Update January 25, 2018: Once again, these tasks are also easily accomplished using Powershell. For regular hashing, there's the Get-FileHash cmdlet. For finding duplicates, the following script (much less than three printed pages) also does the trick:
[CmdletBinding()]
Param(
[Parameter(Mandatory = $true)]
[string]$Path,
[switch]$Recurse = $false,
[string]$Algorithm = 'SHA256'
)
# Use a Powershell version 5 class for the result.
# For lower versions, you can use a PSCustomObject
class FileDuplicate {
[string]$Hash
[string[]]$FullNames
}
Function FindDuplicates()
{
# Write-Verbose "Finding duplicate files in $Path"

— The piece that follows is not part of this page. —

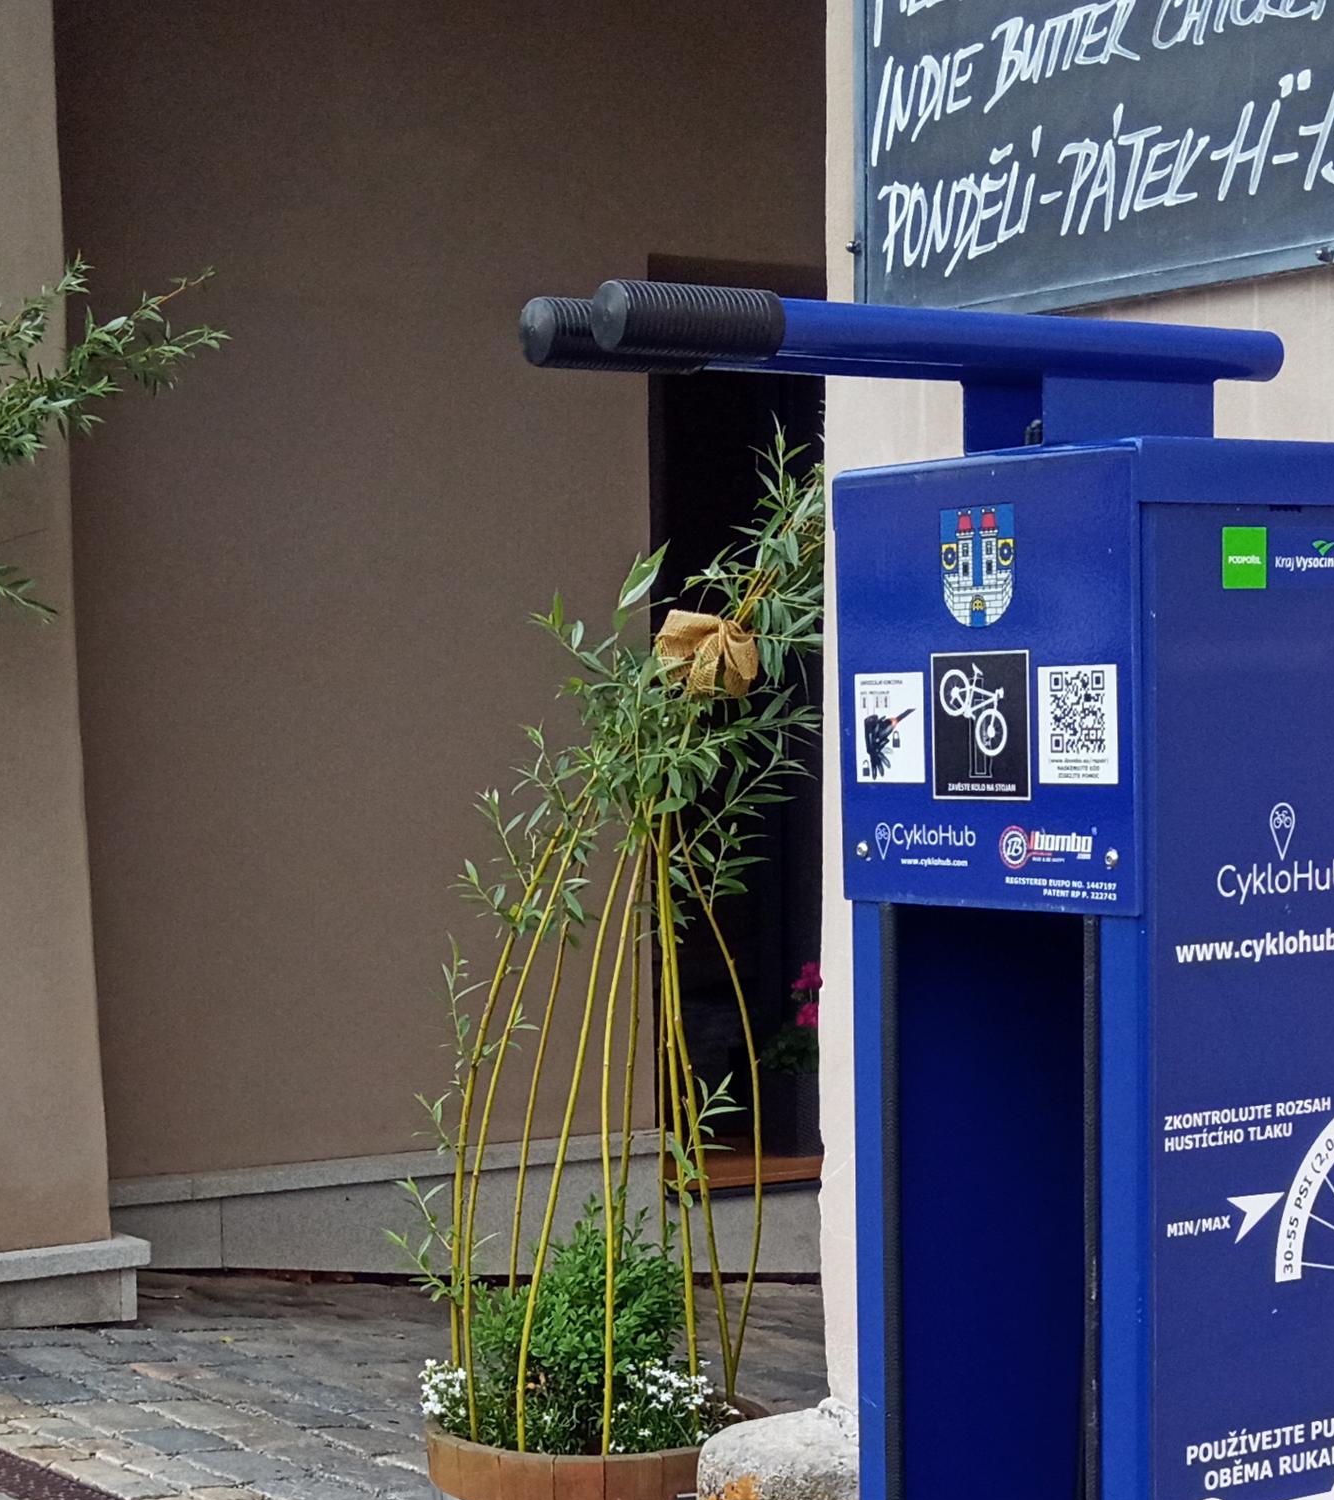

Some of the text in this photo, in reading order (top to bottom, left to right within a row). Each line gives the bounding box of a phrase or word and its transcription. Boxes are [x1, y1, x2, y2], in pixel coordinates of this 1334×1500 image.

# Get the files in the specified path
$files = Get-ChildItem -Path $Path -Recurse:$Recurse
# Set up a hashtable to store hashes and file names
[HashTable]$hashes = @{}
# Loop over the files
$files | ForEach-Object {
# Hash the file
$hash = Get-FileHash -Path $_.FullName -Algorithm $Algorithm
# If we already know the hash, add this file name to it;
# if not, create a new hash antry for just this file
if ($hashes.ContainsKey($hash.Hash)) {
# Write-Verbose "$($_.FullName) is a duplicate"
$list = $hashes[$hash.Hash]
} else {
$list = New-Object System.Collections.ArrayList
$hashes[$hash.Hash] = $list
}
$list.Add($hash.Path) | Out-Null
}
# Create a new ArrayList for the results
$result = New-Object System.Collections.ArrayList
# Loop over the hashes (the keys)
$hashes.Keys | ForEach-Object {
$hash = $_
$list = $hashes[$hash]
# If there's more than one file invovled, store it in the result
# and report it verbosely
if ($list.Count -gt 1) {
$d = New-Object FileDuplicate
$d.Hash = $hash
$d.FullNames = $list.ToArray()
$result.Add($d) | Out-Null
Write-verbose "$($list.Count) files share hash $($hash):"

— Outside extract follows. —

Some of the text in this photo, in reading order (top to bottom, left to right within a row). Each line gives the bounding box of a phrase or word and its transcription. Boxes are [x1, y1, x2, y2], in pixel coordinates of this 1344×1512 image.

$list | ForEach-Object { Write-verbose "- $_" }
}
}
if ($result.Count -eq 0) {
Write-verbose "No duplicates found"
}
return $result
}
Set-StrictMode -Version Latest
return FindDuplicates
The main difference with the VB.NET code is the total lack of argument parsing - Powershell does that for us and that saves a lot of code!
Update 2: We can really make use of Powershell if we use Select-Object, Group-Object and Where-Object! How about this?
[CmdletBinding()]
Param(
[Parameter(Mandatory = $true)]
[string]$Path,
[switch]$Recurse = $false,
[string]$Algorithm = 'SHA256'
)
Get-ChildItem $Path -Recurse:$Recurse | # Get the child items in the path
Select -ExpandProperty FullName | # Select only their full names
ForEach-Object { # Hash each file
Get-FileHash -Path $_ -Algorithm $Algorithm
} |
Group-Object -Property Hash | # Group by hash
Where-Object { $_.Count -gt 1 } | # Select only hashes with more than 1 file
ForEach-Object { # Return a hash and a list of file names per duplicate
[pscustomobject]@{ Hash = $_.Name; FullNames = $_.Group.Path }
}
Six statements in a single Powershell pipeline - now that's the "Power" in Powershell, I guess!